An incentive is a future-oriented promise -- do this, get that, later. A reward in the habit science sense is immediate feedback that activates the brain's dopamine system close enough to the behavior that the connection registers. A badge that appears when you complete an action, a comment from a leader within minutes of a submission, the visible movement of an idea through the system -- these hit the reward pathway in a way that quarterly bonuses don't, regardless of dollar amounts.
Why is identity more powerful than motivation for building habits?

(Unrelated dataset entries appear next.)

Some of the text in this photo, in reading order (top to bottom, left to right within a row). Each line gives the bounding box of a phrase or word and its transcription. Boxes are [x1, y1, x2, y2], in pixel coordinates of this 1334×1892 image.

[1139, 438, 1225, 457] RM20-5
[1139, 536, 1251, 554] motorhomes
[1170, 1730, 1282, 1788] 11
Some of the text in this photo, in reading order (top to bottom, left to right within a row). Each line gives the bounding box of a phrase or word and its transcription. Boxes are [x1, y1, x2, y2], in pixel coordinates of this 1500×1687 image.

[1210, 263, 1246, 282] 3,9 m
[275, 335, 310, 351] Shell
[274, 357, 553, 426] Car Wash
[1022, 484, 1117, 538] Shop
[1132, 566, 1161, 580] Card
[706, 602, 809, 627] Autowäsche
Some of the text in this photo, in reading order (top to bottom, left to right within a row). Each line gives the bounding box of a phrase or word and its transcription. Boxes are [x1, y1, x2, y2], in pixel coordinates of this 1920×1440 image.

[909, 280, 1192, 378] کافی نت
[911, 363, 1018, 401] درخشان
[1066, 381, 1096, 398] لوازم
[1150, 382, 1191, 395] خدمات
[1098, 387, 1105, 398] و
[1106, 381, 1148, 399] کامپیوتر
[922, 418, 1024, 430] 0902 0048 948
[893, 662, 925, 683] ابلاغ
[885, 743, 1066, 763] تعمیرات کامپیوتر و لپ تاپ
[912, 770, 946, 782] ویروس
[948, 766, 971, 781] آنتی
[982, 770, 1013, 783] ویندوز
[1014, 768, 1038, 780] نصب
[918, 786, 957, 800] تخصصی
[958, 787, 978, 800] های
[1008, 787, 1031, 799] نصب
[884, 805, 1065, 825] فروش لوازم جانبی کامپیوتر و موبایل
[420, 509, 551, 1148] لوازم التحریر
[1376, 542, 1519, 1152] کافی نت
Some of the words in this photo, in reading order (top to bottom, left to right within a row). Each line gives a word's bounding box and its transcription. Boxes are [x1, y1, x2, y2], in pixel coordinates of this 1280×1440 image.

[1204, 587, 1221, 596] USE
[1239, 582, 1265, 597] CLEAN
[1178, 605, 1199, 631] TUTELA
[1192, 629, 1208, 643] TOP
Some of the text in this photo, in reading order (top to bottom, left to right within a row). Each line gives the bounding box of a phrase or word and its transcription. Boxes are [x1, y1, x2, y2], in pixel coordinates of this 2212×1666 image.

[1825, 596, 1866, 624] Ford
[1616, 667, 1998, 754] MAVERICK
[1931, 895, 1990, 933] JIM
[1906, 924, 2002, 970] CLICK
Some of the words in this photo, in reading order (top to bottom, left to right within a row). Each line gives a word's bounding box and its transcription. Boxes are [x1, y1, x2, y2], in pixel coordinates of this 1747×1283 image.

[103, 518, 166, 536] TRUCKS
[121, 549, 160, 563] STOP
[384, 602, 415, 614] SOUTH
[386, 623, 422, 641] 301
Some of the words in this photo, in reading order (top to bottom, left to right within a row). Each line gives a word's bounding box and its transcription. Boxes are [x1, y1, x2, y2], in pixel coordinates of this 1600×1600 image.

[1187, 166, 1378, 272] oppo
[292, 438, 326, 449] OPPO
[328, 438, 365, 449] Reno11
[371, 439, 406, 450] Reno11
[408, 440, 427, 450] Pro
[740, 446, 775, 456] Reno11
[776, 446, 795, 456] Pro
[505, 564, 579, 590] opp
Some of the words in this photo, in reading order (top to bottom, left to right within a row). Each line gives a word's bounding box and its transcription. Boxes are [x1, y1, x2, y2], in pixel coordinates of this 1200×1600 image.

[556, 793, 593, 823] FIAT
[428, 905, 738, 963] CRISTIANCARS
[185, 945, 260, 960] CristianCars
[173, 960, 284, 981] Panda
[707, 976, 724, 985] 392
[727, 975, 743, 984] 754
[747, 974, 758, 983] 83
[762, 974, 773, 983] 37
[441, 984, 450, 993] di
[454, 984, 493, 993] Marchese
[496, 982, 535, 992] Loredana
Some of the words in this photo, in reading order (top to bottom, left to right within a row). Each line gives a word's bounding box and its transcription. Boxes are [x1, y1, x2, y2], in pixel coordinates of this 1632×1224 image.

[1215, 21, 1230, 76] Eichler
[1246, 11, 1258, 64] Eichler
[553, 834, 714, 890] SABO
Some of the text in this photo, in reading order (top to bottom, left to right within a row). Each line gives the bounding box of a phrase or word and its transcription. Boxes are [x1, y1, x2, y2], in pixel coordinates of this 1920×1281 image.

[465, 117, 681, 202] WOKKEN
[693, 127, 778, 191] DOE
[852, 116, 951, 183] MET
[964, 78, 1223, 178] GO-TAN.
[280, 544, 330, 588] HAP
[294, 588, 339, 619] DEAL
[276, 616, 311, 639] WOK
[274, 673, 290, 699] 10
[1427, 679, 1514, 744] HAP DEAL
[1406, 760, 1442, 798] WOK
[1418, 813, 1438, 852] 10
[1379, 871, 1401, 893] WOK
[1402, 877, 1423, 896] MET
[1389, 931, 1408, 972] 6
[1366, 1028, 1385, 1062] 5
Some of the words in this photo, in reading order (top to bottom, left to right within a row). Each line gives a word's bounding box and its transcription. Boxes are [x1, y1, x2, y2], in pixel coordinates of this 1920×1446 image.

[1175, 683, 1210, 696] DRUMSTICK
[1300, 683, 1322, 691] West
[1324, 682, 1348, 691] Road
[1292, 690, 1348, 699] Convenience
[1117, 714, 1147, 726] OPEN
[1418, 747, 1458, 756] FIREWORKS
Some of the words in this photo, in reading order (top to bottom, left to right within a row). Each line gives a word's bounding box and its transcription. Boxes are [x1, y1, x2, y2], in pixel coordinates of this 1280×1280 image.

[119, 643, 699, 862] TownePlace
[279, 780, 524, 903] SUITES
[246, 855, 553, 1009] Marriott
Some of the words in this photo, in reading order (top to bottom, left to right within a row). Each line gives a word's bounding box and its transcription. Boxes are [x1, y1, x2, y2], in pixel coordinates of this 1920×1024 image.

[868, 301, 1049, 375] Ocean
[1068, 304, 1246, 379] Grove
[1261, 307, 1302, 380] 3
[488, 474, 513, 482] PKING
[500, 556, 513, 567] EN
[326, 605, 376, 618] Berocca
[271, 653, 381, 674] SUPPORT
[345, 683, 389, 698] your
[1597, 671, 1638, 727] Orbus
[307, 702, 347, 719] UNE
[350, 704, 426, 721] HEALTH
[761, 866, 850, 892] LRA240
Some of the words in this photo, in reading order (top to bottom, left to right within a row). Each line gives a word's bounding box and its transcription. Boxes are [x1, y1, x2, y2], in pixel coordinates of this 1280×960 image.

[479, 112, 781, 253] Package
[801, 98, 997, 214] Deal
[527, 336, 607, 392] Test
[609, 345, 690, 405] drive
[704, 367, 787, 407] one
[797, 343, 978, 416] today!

Motivation fluctuates. Identity doesn't. A person relying on motivation to keep running wakes up on a cold morning and negotiates. A person who identifies as "a runner" puts on the shoes. For CI organizations, the shift from "we're trying to improve engagement" to "we're the kind of organization that continuously improves" means that every micro-decision -- do we hold the huddle today, do we document this near-miss, do we follow up on that idea -- is already answered by the identity rather than requiring fresh motivation.
What is BJ Fogg's behavior model and how does it apply to CI?
Fogg's model shows that behavior happens at the intersection of motivation and ability. High motivation and high ability produce behavior reliably; low motivation and low ability make it unlikely. The model predicts that even highly motivated, capable people will fail to develop a habit if there's no reliable cue. For CI leaders, this reframes adoption challenges: when people aren't doing improvement work, the question isn't usually "why aren't they motivated?" It's "where is the cue that should trigger this behavior?"
What are the four personas and why are they important for habit design?
The four personas -- executive, CI coach, leader, and frontline employee -- represent the distinct roles people play in a CI organization. Each has different motivations, different relationships to improvement work, and different cues and rewards that work for them. Designing four persona-specific habit loops is tractable. Designing individual loops for thousands of people isn't. When all four persona loops are working and interconnecting -- each person's behavior creating cues and rewards for the adjacent personas -- the CI culture becomes self-reinforcing.